Powdered Toast Man said:


> Some years ago I got banned from the FDP (Fender Discussion Page). I'd been a member for a couple years at that point - even as far as contributing a donation. I don't even know why I got canned. All I know is I got the ban notification from Chris Green (the site owner) and I exchanged a few emails with him. His responses were glib - the only answer he'd give to the question of why I was banned was, "You know what you did" and he expected an apology before I'd be allowed back. I told him where he could put his message board.
> 
> It was the same deal on there as some of you have mentioned about some of the USA gear forums. Strong pro-gun, pro-religion, right-wing mentality. I suspect I disagreed with someone's post (as I don't swear, make offensive posts, or fly off the handle in personal attacks) in a manner that conflicted with the site owner's ideology.
> 
> I've never bothered registering again, but I occasionally lurk and use his bandwidth and the info on the site for free.
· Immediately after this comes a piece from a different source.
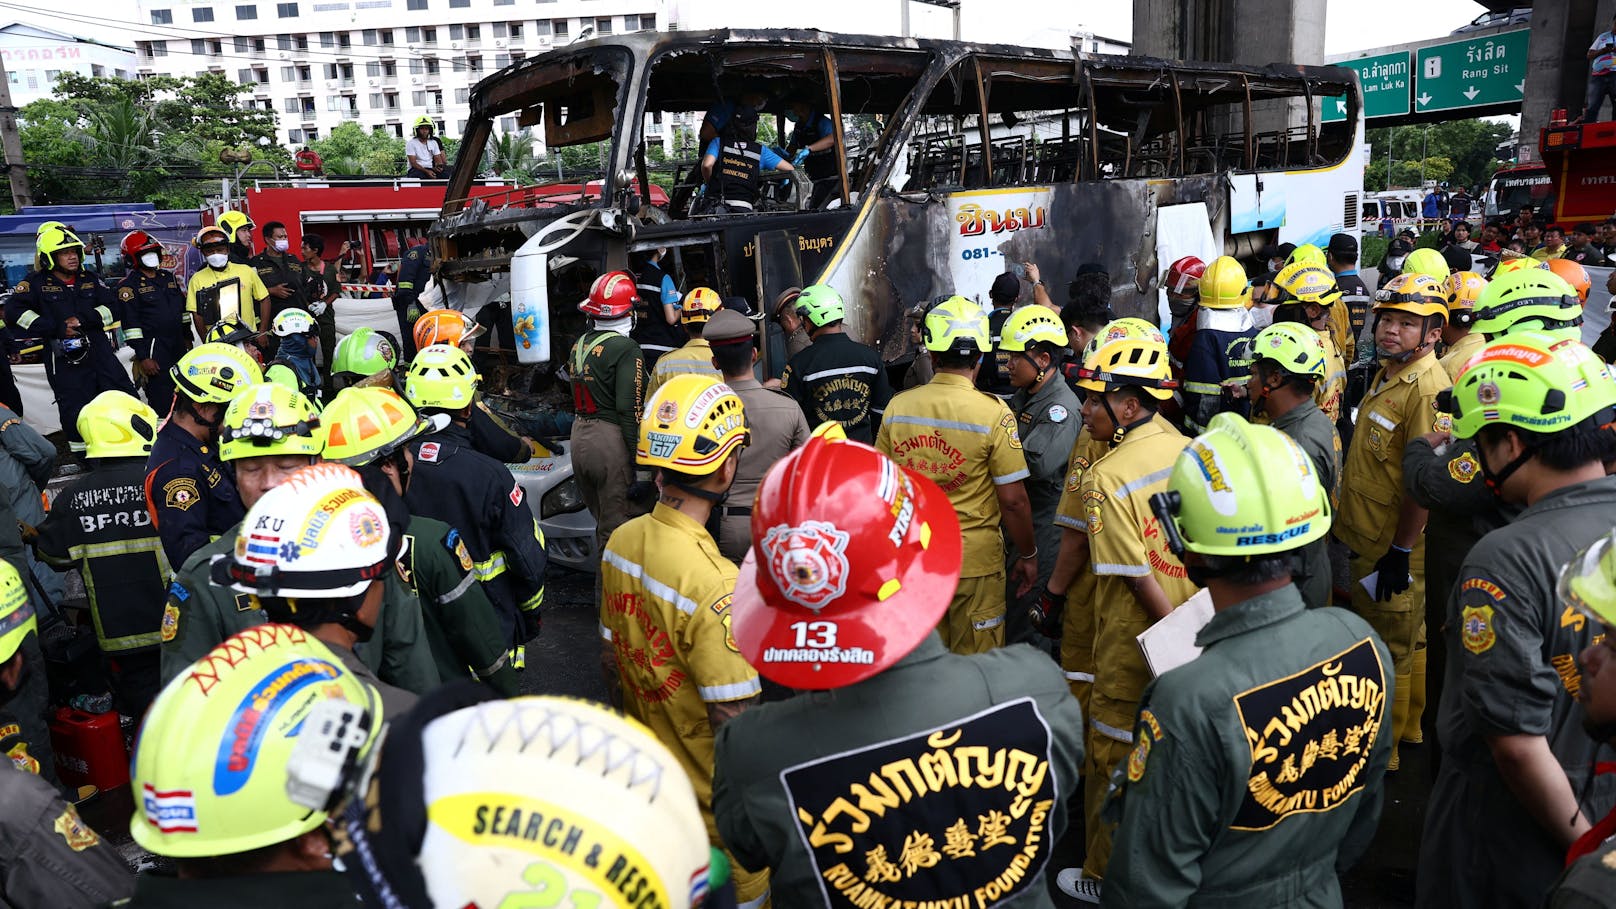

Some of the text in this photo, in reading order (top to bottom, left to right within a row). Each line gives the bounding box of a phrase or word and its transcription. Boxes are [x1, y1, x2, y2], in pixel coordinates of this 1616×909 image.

Yeah, I had a similar experience with FDP...
Been a non-contributing member for a few years, then one guy posted something about his Vibroverb (or 'lux - i forget). He mentioned that he was tuning it up to _maybe_ sell it sometime. I noticed that he lived in Toronto, so, in my reply to his tech query, I asked him how much he might be asking for it - THAT was enough! Greene silently disabled my account.

Next time I engaged FDP, I thought that I had an expired password or something. When I messaged the site admin for a fresh password, I was informed that I was banned for breaking one of the rules, and I should review them to discover what I had done wrong. He said that I could reinstate my membership with a contribution of $30, or more. This, to me, smelled of a shakedown, so I didn't comply. It seemed way over the top to me that his bans do not expire, but are _lifetime_ bans.

I did some checking, and discovered that Greene is suspected by some of searching the Internet for criticisms of FDP, or of his name, and has traced, and banned FDP members for their negative comments _on other forums_.

He seems to draw his administrative skills from Gadaffi, KGB and J. Edgar Hoover. His own postings on FDP are mostly about guns, gun rights, and totally irrelevant stuff, but then, who makes the rules?

It's regrettable that Fender is associated with a site under such a sad administration. I have since found that if you want to discuss Fender, you can go to _Fender's own site_, and avoid the FDP dictatorship.


----------



## deadear (Nov 24, 2011)

I was banned by Vital Mx. Some women was on there and thay were talking about some sexual preditor and harping about God this and God that and so on and so on so I expresed my views about God which did not suit their agenda and I was clicked they call it. I do not care the slightest I was one of the few people that truly new a lot about their technical questions regarding motocross bikes and I would share my knowledge to anyone that had a question. 
Their loss I will never participate in their forum again.


----------



## GuitarsCanada (Dec 30, 2005)

Interesting article here

http://www.wikihow.com/Avoid-Being-Banned-on-a-Forum


----------



## Electraglide (Jan 24, 2010)

Kinda like #4 tho #5 could sometimes be relevant.


----------



## david henman (Feb 3, 2006)

J-75 said:


> It's regrettable that Fender is associated with a site under such a sad administration.


...yeah, i don't get that.


----------



## Brennan (Apr 9, 2008)

david henman said:


> ...yeah, i don't get that.


It's pretty simple, honestly ... people aren't likely going to make a negative association with Fender even if they don't like the board or it's members (people are pretty good about separating advertising from content), whereas the people who do frequent the forum will see it as supporting the community. It's win win for Fender.


----------



## keto (May 23, 2006)

Half of the FDP's welcome page is spent saying that they aren't part of or associated with Fender. That wasn't true in the past, when Greene started it they were heavily sponsored by Fender. I don't know at what point or for what cause the divorce happened.


----------



## GuitarsCanada (Dec 30, 2005)

keto said:


> Half of the FDP's welcome page is spent saying that they aren't part of or associated with Fender. That wasn't true in the past, when Greene started it they were heavily sponsored by Fender. I don't know at what point or for what cause the divorce happened.


I have never visited the site, but based on what a few people here have said, I would say Fender would want to distance itself from heavy gun and religious views.


----------



## keto (May 23, 2006)

MMM, I wouldn't say 'heavy'. Religion is a non-starter, as a topic. Guns, ya, there's a thread or 2 in every hundred in the off-topic section only - where you can post only with a membership, so it sorta caters to its own crowd. If you're reading and offended, you can't reply unless you've paid for the privelege, and it's pretty widely known that you'll land on your ear on the outside looking in of you have objections to the topic  The rest of the forums (gear) are open season, anyone can post. And they keep them pretty well moderated so as to be on-topic, in my experience.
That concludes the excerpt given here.